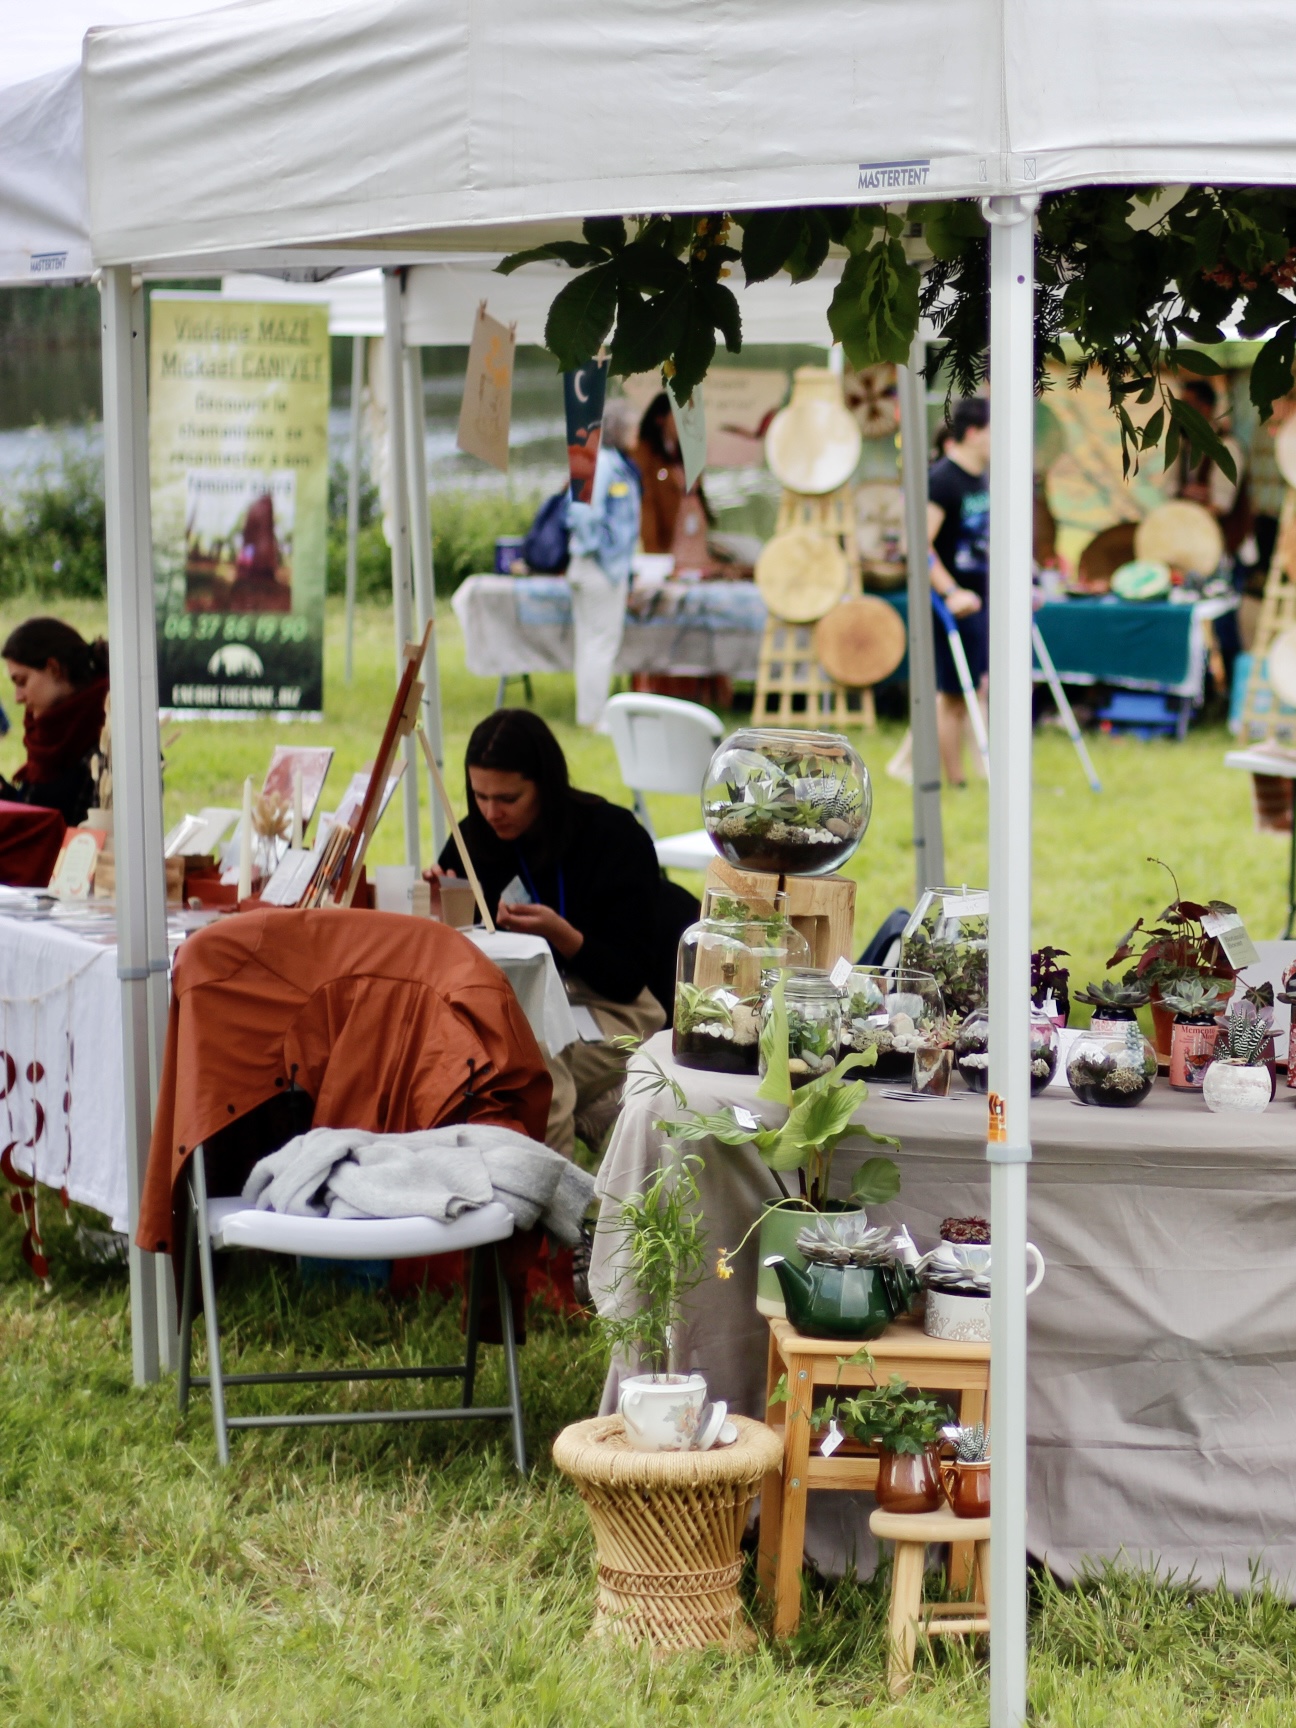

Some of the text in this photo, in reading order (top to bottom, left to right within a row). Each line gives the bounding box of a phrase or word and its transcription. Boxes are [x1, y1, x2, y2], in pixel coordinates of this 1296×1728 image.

[858, 167, 930, 189] MASTERTENT
[30, 257, 67, 273] MASTERTENT
[164, 613, 192, 641] 06
[195, 613, 222, 642] 37
[254, 614, 279, 644] 19
[279, 614, 308, 645] 90
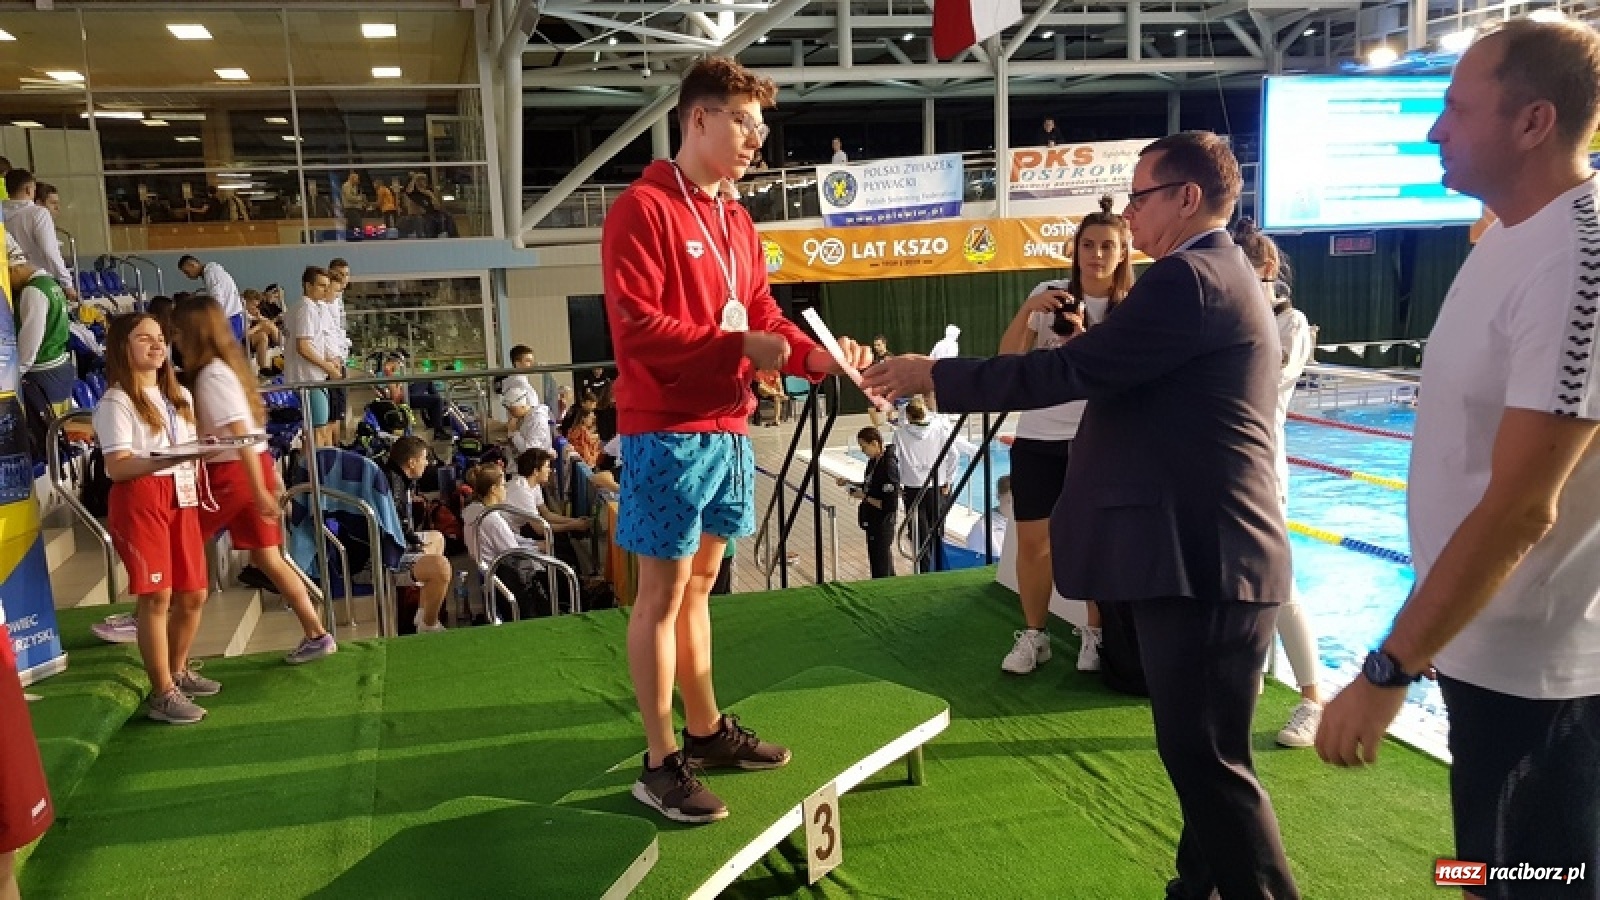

### Your goal
Write all the entries again word for word, minus the pictures.

### Expected answer
Some of the text in this photo, in reading order (top to bottom, left to right within a row). Each line gives the bounding box of a phrase or word and its transcription. Boxes are [x1, y1, x2, y2], in pixel coordinates of this 1296×1728 image.

[858, 167, 930, 189] MASTERTENT
[30, 257, 67, 273] MASTERTENT
[164, 613, 192, 641] 06
[195, 613, 222, 642] 37
[254, 614, 279, 644] 19
[279, 614, 308, 645] 90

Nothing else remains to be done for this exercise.